» **SUPPLIED ENTRIES**
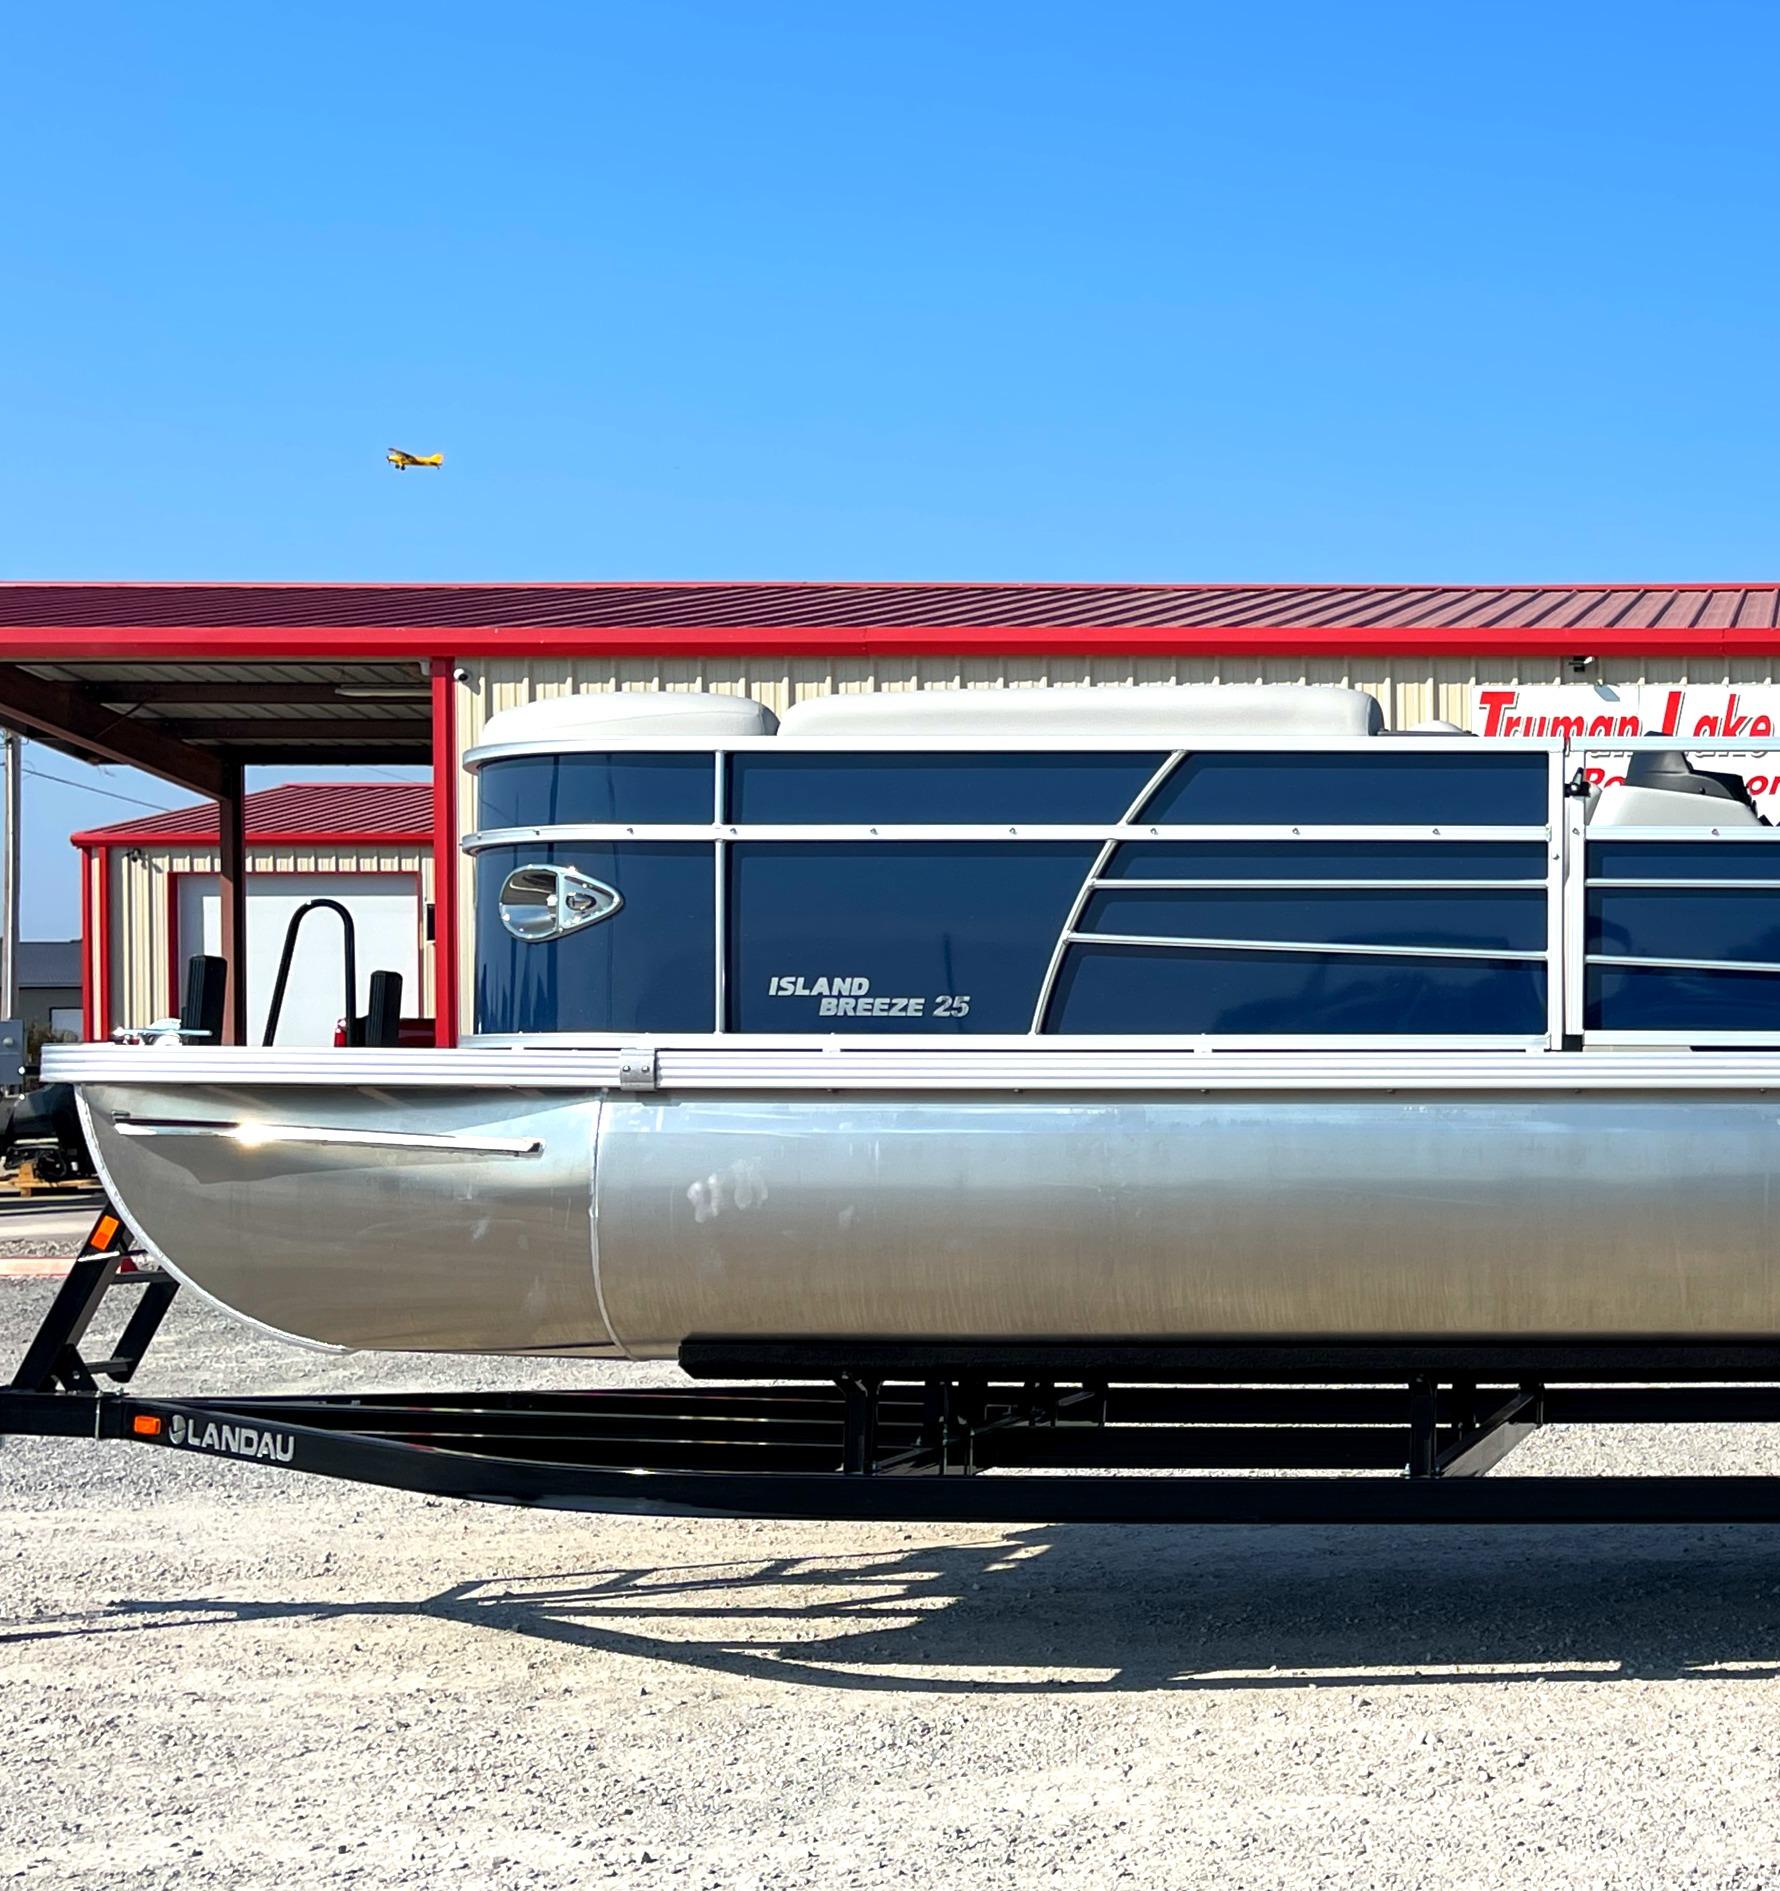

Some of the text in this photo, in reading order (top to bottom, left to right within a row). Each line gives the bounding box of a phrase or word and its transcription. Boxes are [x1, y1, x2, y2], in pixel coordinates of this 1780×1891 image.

[1479, 691, 1641, 740] Truman
[768, 976, 870, 996] ISLAND
[818, 995, 971, 1018] BREEZE 25
[187, 1418, 295, 1463] LANDAU
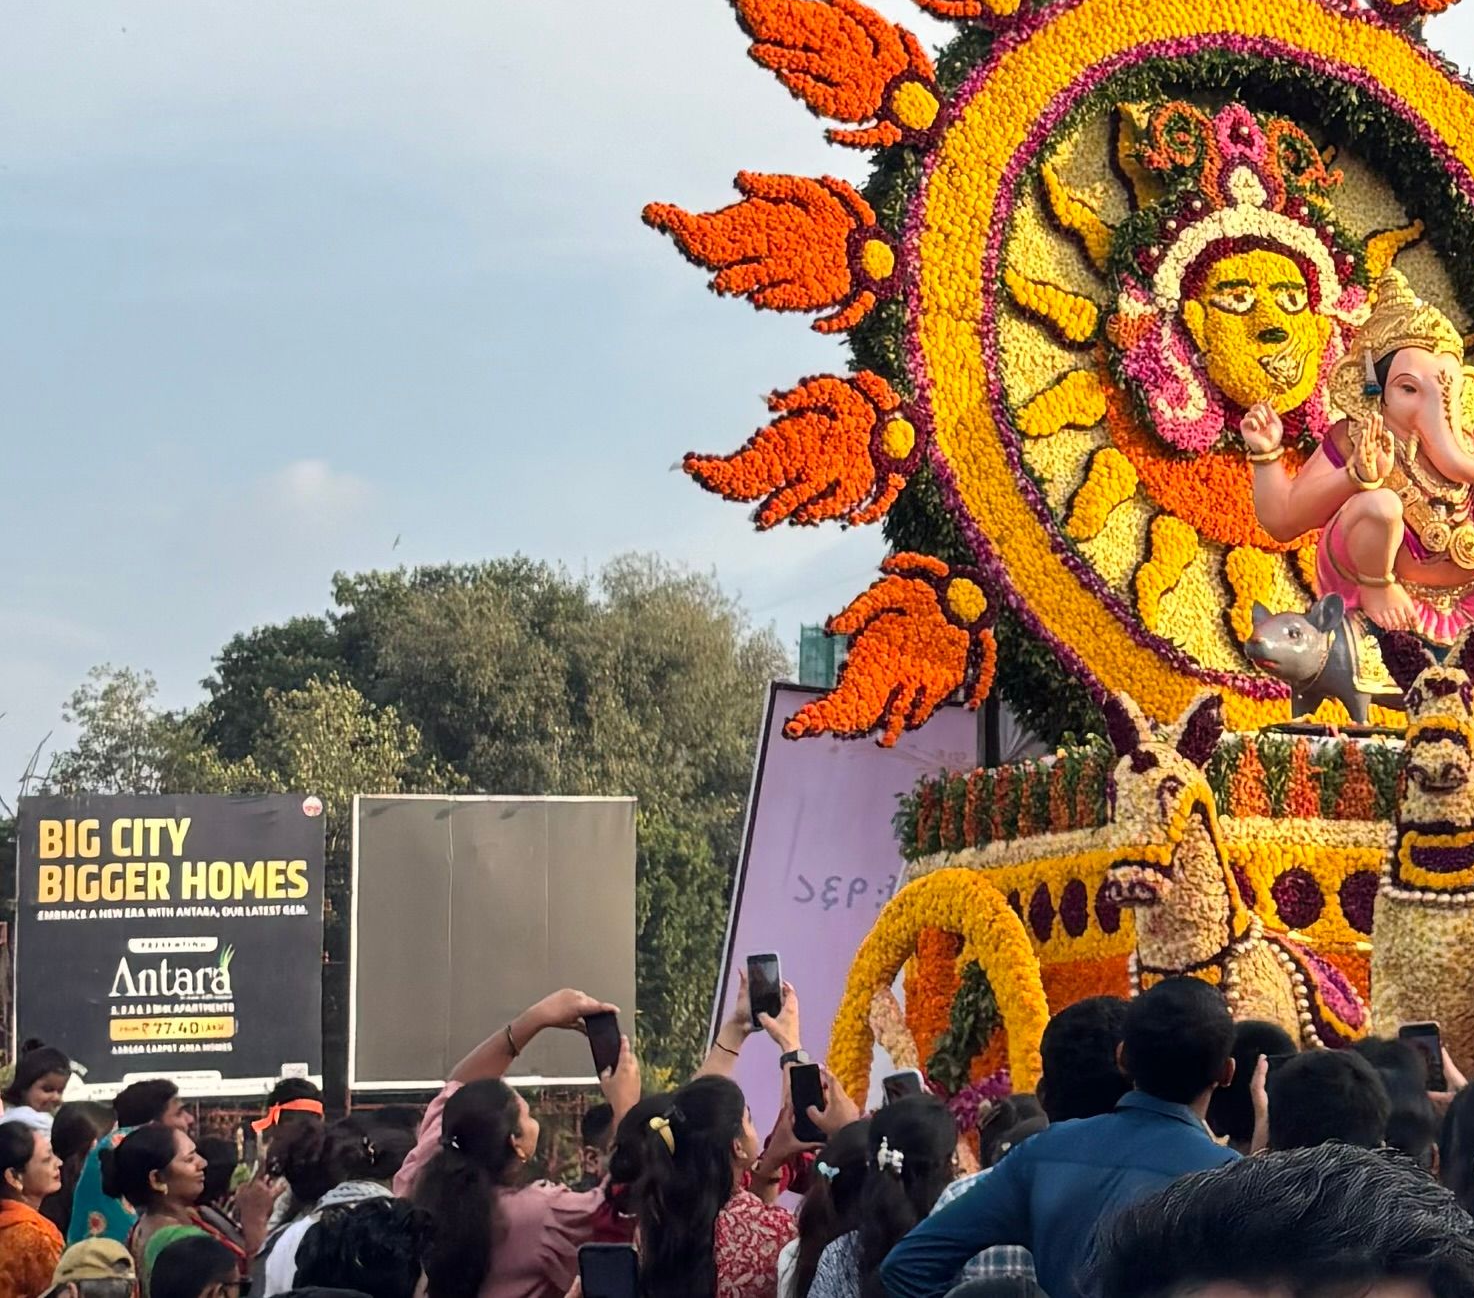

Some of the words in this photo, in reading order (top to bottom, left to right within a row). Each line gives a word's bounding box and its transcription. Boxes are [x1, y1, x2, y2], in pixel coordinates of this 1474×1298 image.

[39, 819, 100, 859] BIG
[111, 818, 191, 857] CITY
[37, 862, 170, 903] BIGGER
[182, 860, 309, 900] HOMES
[99, 908, 123, 919] NEW
[147, 908, 174, 918] WITH
[245, 906, 281, 917] LATEST
[108, 956, 233, 997] Antara
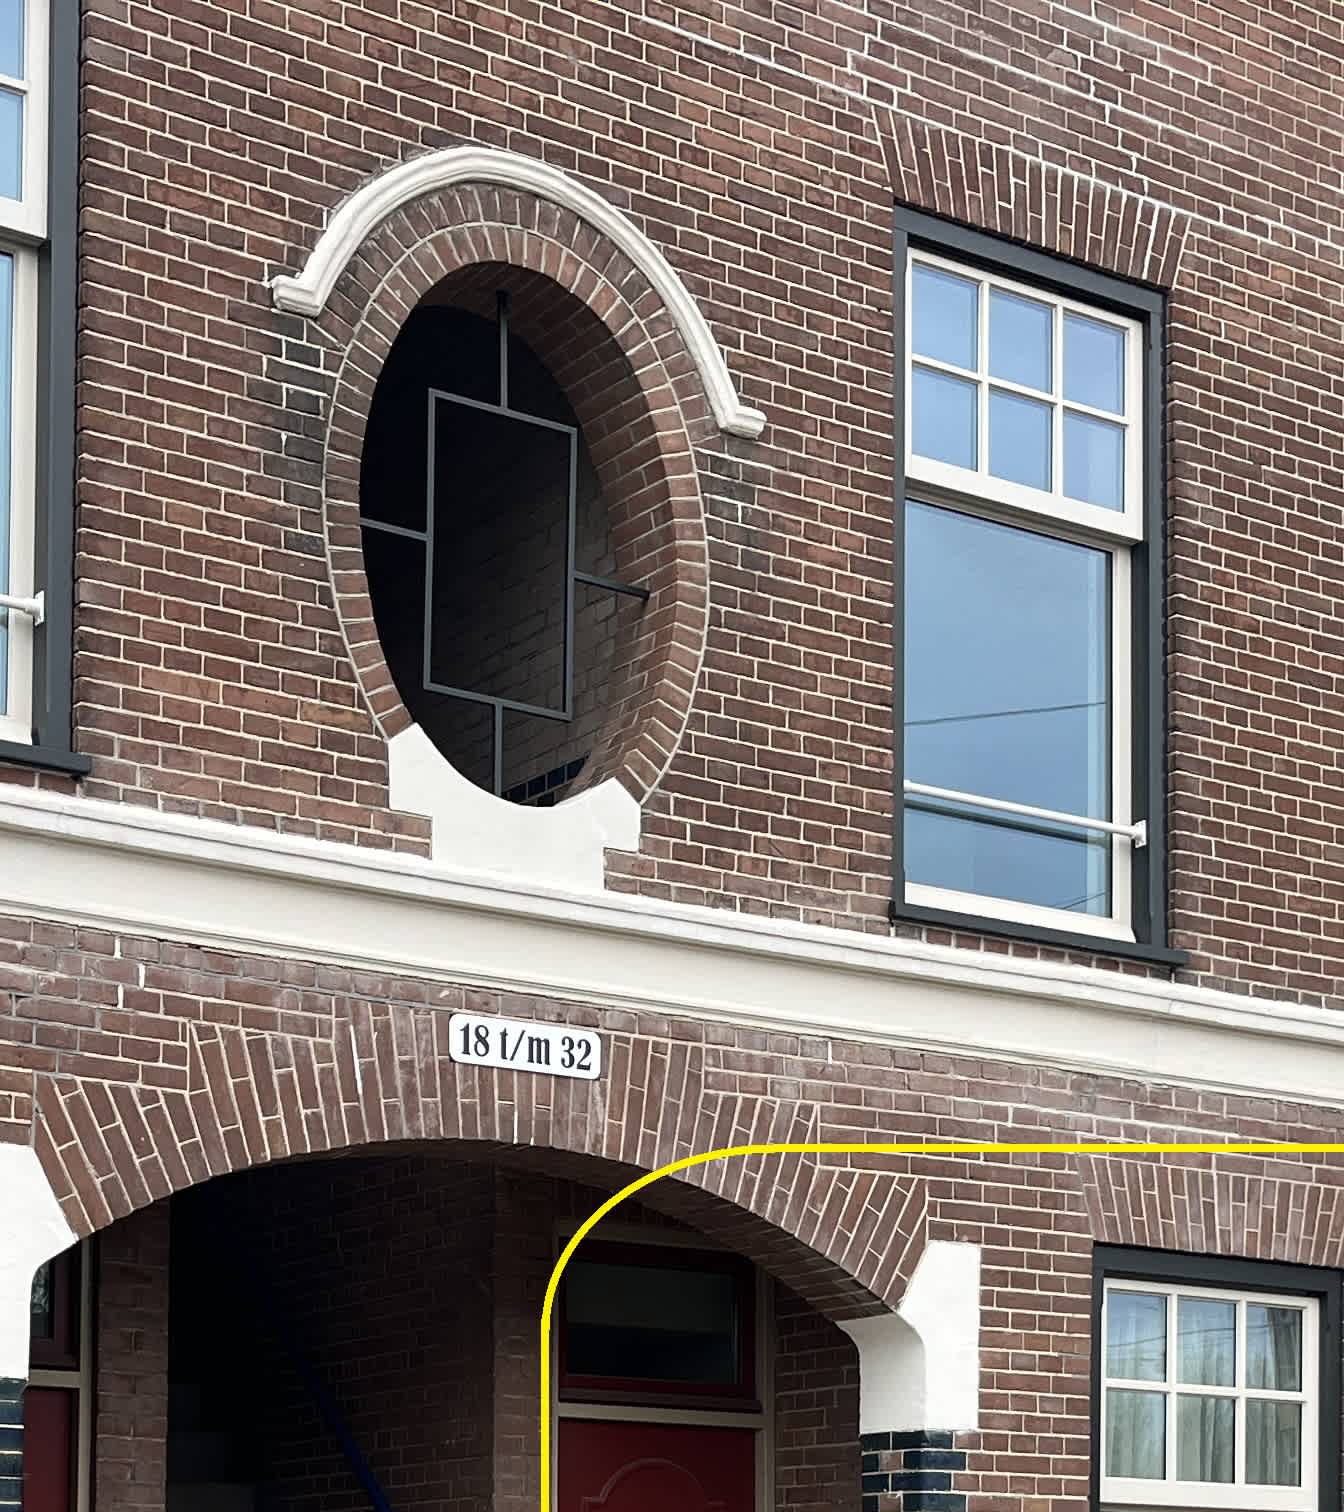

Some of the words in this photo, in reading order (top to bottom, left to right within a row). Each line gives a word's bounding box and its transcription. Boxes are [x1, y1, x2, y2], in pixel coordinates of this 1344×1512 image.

[459, 1022, 490, 1057] 18
[499, 1027, 551, 1066] t/m
[560, 1035, 592, 1071] 32
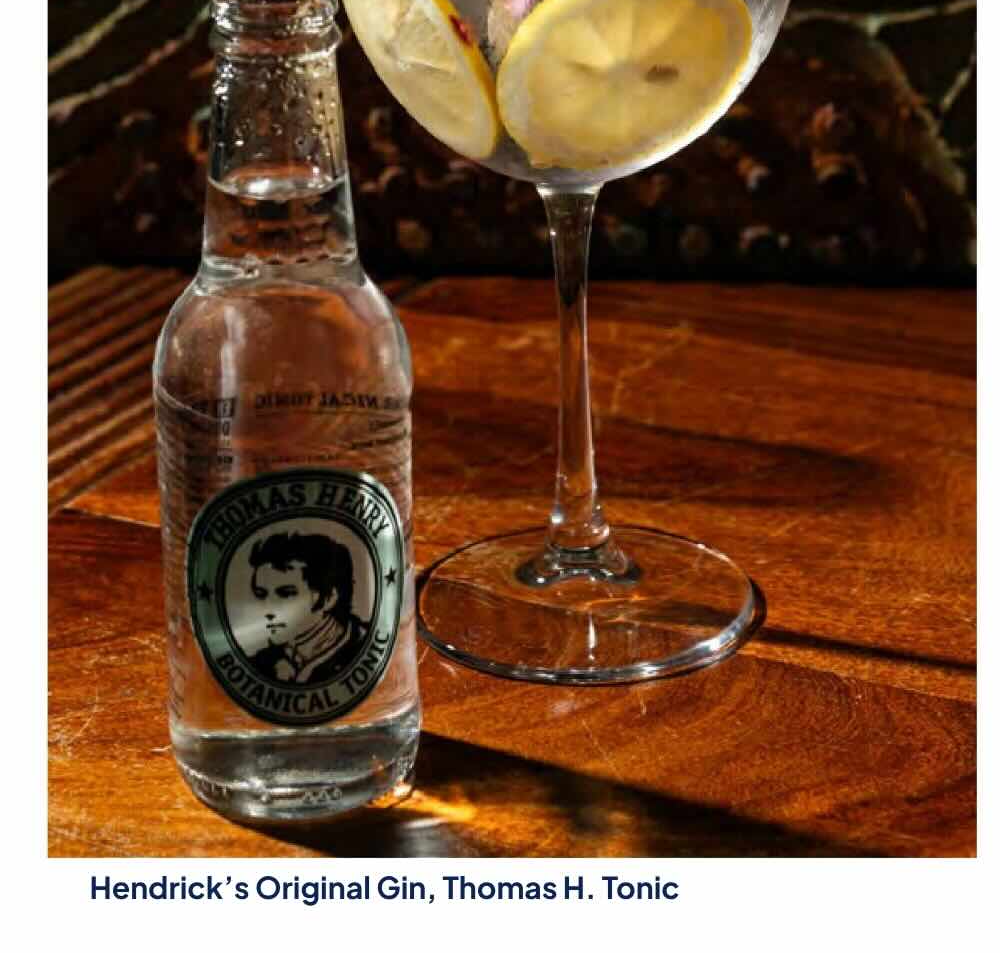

» **WORK REQUIRED**
Output nothing but the records above, word for word, with the pictures removed.

» **WRITTEN SOLUTION**
Some of the text in this photo, in reading order (top to bottom, left to right within a row). Each line gives the bounding box of a phrase or word and its transcription. Boxes are [x1, y1, x2, y2], in pixel coordinates of this 1780×1891 image.

[1479, 691, 1641, 740] Truman
[768, 976, 870, 996] ISLAND
[818, 995, 971, 1018] BREEZE 25
[187, 1418, 295, 1463] LANDAU

Some of the words in this photo, in reading order (top to bottom, left to right within a row). Each line gives a word's bounding box and its transcription. Boxes are [x1, y1, x2, y2], in pixel coordinates of this 1474×1298 image.

[39, 819, 100, 859] BIG
[111, 818, 191, 857] CITY
[37, 862, 170, 903] BIGGER
[182, 860, 309, 900] HOMES
[99, 908, 123, 919] NEW
[147, 908, 174, 918] WITH
[245, 906, 281, 917] LATEST
[108, 956, 233, 997] Antara

Some of the words in this photo, in reading order (top to bottom, left to right within a row). Each line gives a word's bounding box and its transcription. Boxes are [x1, y1, x2, y2], in pixel coordinates of this 1344×1512 image.

[459, 1022, 490, 1057] 18
[499, 1027, 551, 1066] t/m
[560, 1035, 592, 1071] 32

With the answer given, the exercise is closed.